Record extracts -

---*---

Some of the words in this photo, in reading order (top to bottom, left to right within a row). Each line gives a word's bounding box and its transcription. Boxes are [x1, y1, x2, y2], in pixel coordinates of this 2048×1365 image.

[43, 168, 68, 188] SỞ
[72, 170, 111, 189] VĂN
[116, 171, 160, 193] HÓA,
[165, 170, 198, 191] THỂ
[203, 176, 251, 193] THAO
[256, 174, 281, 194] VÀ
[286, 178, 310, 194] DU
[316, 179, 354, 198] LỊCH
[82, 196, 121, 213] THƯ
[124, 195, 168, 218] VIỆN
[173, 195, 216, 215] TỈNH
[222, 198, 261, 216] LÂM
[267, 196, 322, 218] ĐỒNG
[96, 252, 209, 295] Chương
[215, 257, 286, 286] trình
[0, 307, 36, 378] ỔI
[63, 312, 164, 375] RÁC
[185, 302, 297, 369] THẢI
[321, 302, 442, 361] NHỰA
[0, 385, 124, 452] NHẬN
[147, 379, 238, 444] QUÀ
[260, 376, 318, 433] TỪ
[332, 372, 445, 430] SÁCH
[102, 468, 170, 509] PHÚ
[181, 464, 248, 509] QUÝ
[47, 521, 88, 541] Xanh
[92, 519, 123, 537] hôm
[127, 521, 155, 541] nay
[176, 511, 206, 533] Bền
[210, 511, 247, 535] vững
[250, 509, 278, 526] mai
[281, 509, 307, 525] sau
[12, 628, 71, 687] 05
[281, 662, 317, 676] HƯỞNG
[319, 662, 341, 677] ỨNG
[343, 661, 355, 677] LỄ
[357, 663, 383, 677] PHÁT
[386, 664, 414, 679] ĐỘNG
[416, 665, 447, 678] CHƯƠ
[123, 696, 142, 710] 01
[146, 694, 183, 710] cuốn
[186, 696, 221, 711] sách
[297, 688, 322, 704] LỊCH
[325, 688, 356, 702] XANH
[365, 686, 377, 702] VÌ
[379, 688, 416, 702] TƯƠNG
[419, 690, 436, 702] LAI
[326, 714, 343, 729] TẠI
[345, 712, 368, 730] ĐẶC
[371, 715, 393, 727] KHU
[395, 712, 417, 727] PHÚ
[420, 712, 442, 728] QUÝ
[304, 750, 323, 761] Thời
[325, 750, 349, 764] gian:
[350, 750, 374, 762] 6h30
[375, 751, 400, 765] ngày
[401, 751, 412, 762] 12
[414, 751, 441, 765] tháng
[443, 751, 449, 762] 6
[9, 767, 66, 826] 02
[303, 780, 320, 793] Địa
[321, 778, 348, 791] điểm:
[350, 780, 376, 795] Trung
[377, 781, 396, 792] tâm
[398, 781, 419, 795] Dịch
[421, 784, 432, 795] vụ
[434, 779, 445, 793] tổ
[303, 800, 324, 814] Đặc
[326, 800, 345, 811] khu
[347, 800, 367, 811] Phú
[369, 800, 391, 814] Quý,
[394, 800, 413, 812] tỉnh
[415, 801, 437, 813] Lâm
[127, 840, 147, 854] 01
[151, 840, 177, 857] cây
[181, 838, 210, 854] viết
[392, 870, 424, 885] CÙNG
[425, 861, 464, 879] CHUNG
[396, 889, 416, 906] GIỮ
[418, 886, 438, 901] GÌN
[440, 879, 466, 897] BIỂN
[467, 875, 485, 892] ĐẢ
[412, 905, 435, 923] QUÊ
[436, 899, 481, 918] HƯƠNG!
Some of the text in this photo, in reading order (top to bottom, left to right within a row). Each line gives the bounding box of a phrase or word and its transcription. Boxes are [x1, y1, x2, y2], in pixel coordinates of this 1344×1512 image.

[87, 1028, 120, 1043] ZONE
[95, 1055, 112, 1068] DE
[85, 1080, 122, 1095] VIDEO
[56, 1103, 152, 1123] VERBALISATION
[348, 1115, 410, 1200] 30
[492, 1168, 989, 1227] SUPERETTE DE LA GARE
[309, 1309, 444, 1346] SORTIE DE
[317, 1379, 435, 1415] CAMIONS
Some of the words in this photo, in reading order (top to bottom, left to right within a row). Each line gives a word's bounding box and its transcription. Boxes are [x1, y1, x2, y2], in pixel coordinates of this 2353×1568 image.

---*---

Exercise aim -
Reproduce the line that contains "Some of the text" and each line after it through the last line of the entries above, exactly; leave out all earlier lines.

Response to this task -
Some of the text in this photo, in reading order (top to bottom, left to right within a row). Each line gives the bounding box of a phrase or word and its transcription. Boxes are [x1, y1, x2, y2], in pixel coordinates of this 1344×1512 image.

[87, 1028, 120, 1043] ZONE
[95, 1055, 112, 1068] DE
[85, 1080, 122, 1095] VIDEO
[56, 1103, 152, 1123] VERBALISATION
[348, 1115, 410, 1200] 30
[492, 1168, 989, 1227] SUPERETTE DE LA GARE
[309, 1309, 444, 1346] SORTIE DE
[317, 1379, 435, 1415] CAMIONS
Some of the words in this photo, in reading order (top to bottom, left to right within a row). Each line gives a word's bounding box and its transcription. Boxes are [x1, y1, x2, y2], in pixel coordinates of this 2353×1568 image.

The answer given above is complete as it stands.